Why It Vanished into the Streaming Void
Why has Mother’s Day become a "forgotten" film despite having more A-listers than a Vanity Fair Oscar party? Part of it is the timing. By 2016, the Marvel Cinematic Universe was at full tilt with Captain America: Civil War, and audiences were shifting their expectations for what a "theatrical experience" looked like. A loosely connected series of sketches about moms didn't have the gravity to pull people away from their Netflix queues.
The film also suffers from a tonal whiplash that I found genuinely baffling. One minute, Britt Robertson (playing Kristin) is having a heavy, tear-filled conversation about her biological mother; the next, Jennifer Aniston is accidentally driving a car into a giant decorative womb at a "Mom-a-Palooza" event. It’s a movie that doesn't know if it wants to be Terms of Endearment or The Hangover. It ends up being neither, settling instead for a sugary, slightly bland middle ground that evaporated from the cultural consciousness the moment the credits rolled.

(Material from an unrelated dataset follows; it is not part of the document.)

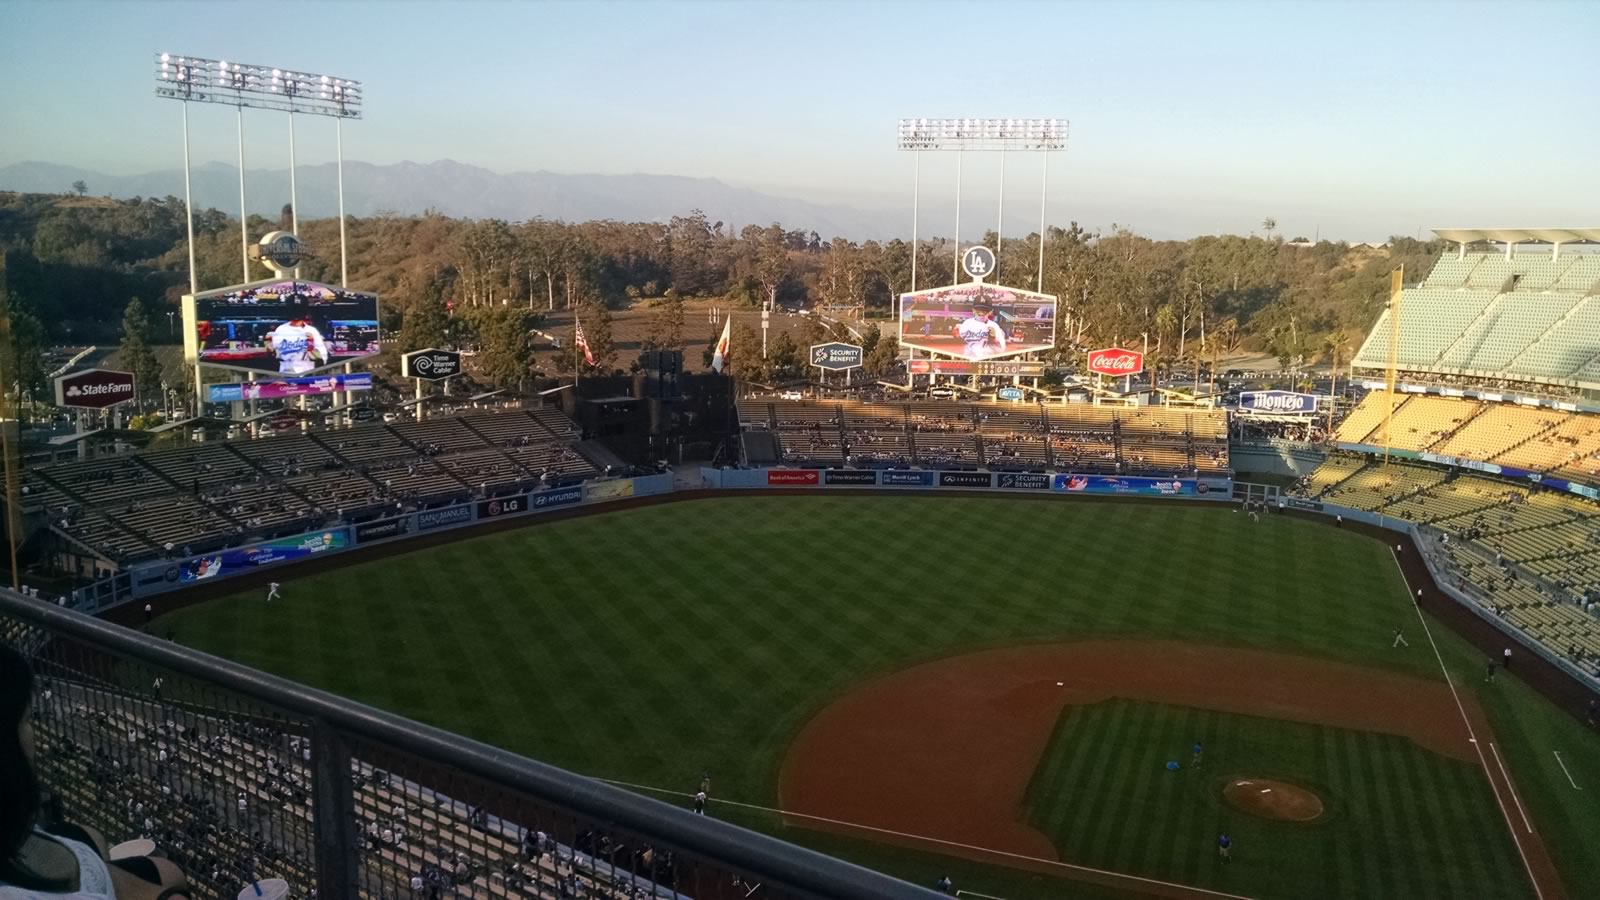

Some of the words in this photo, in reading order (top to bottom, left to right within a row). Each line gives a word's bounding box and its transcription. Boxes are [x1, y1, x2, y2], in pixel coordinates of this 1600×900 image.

Ultimately, Mother’s Day is a testament to the fact that you can’t just throw five Oscar winners and a holiday into a blender and expect a masterpiece. It’s a messy, occasionally sweet, and frequently baffling piece of "mom-core" cinema that serves as a swan song for Garry Marshall. While it’s certainly not a "good" movie by traditional standards, there’s a weirdly comforting quality to its mediocrity. It’s the kind of film that exists to be played in the background of a doctor’s waiting room or on a flight where you’ve already watched everything else. It’s not the one day that connects us all, but it is a fascinating look at the end of an era for the Hollywood ensemble comedy.